Intravitreal injection of an antivascular endothelial growth factor (VEGF) agent is a first-line therapy for neovascular AMD. We previously reported the efficacy of a treat-and-extend regimen using intravitreal aflibercept injection for PNV and type 1 neovascular AMD [5]. Our study revealed that management of PNV required significantly fewer intravitreal aflibercept injections than did type 1 neovascular AMD [5]. However, treatment of PNV without polypoidal lesions required significantly more injections than did PNV with polypoidal lesions, so-called polypoidal choroidal vasculopathy (PCV) [5]. Lee et al also reported that PNV eyes without polypoidal lesions were refractory to anti-VEGF monotherapy [6].

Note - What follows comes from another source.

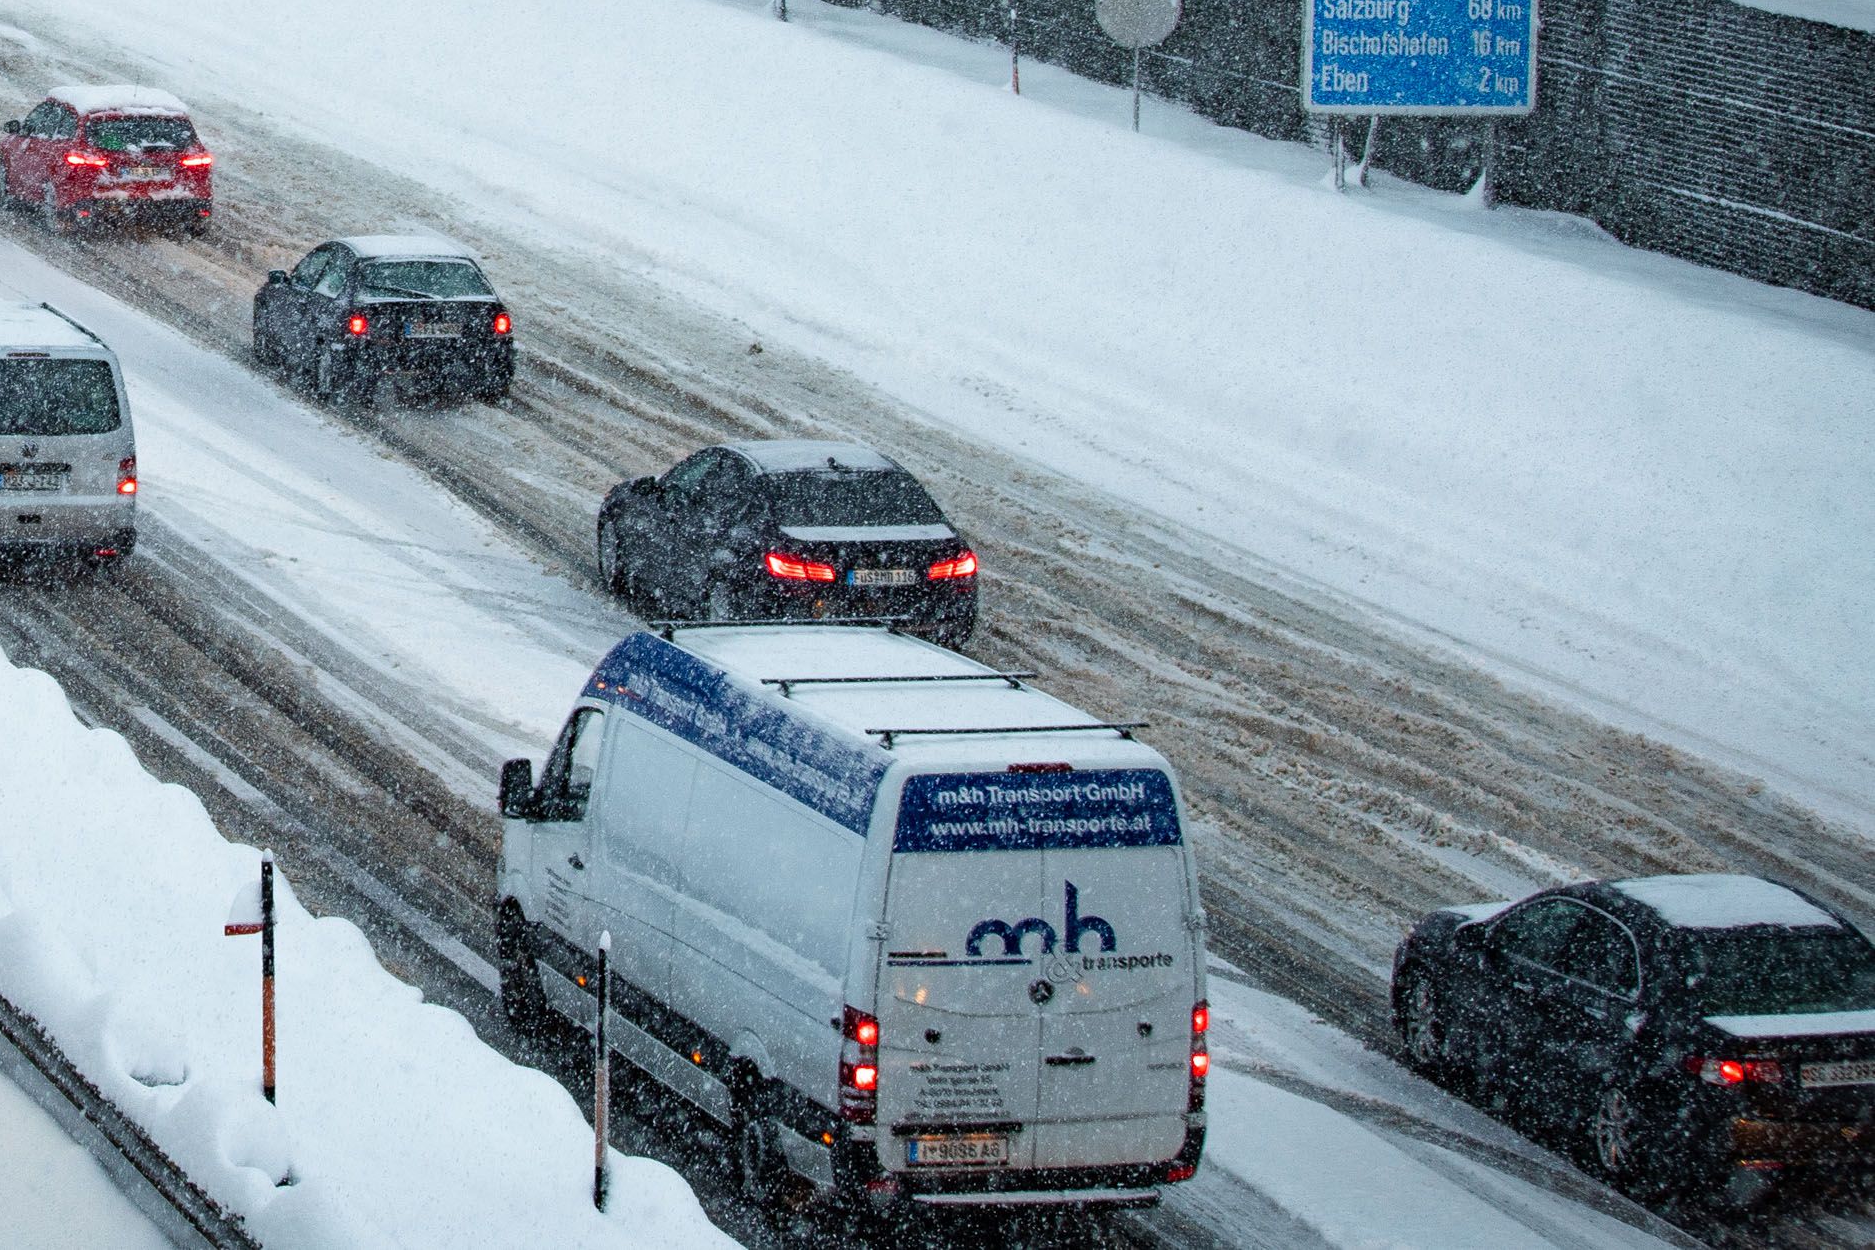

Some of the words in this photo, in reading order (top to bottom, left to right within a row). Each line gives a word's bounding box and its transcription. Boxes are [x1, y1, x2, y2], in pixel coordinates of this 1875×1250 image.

Photodynamic therapy (PDT) using verteporfin was developed to treat CNV in neovascular AMD. Previous studies revealed PDT combined with intravitreal injection of an anti-VEGF agent to be effective against PCV [7, 8]. Moreover, combination therapy can reduce the adverse events associated with PDT such as subretinal hemorrhage [9]. PDT has also become a treatment option for CSC because PDT can reduce choroidal hyperpermeability and thickness, preventing fluid leakage from the retinal pigment epithelium (RPE) into the subretinal space [10]. When PDT is applied for CSC, the exposure fluence or exposure time or the amount of verteporfin is reduced to prevent complications such as RPE atrophy, choroidal ischemia, secondary CNV, and sudden visual acuity decreases [11, 12].
The aim of this study, using a 1-year follow-up period, was to evaluate the efficacy of half-fluence PDT (HFPDT) combined with intravitreal aflibercept injection in patients with PNV without polypoidal lesions.
Patients and methods
We performed this study, which complied with the guidelines of the Declaration of Helsinki, with approval from our institutional review board. We retrospectively studied 21 eyes of 21 patients with previously untreated PNV with exudative changes. The patients received HFPDT combined with an intravitreal aflibercept injection during the period from February 2017 through October 2018 and were followed up for at least 12 months at Gunma University Hospital.
All the patients with PNV underwent a complete ophthalmologic examination, including slit-lamp biomicroscopy with a noncontact fundus lens (SuperField lens; Volk Optical); color fundus photography and fundus autofluorescence (FAF) (Canon CX-1; Canon); fluorescein angiography (FA) and indocyanine green angiography (ICGA); and optical coherence tomography (OCT) with an angle of 30 degrees (Spectralis HRA + OCT; Heidelberg Engineering); and swept-source OCT (SS-OCT) (DRI OCT-1 Triton; Topcon Corp and PLEX Elite 9000; Carl Zeiss Meditec).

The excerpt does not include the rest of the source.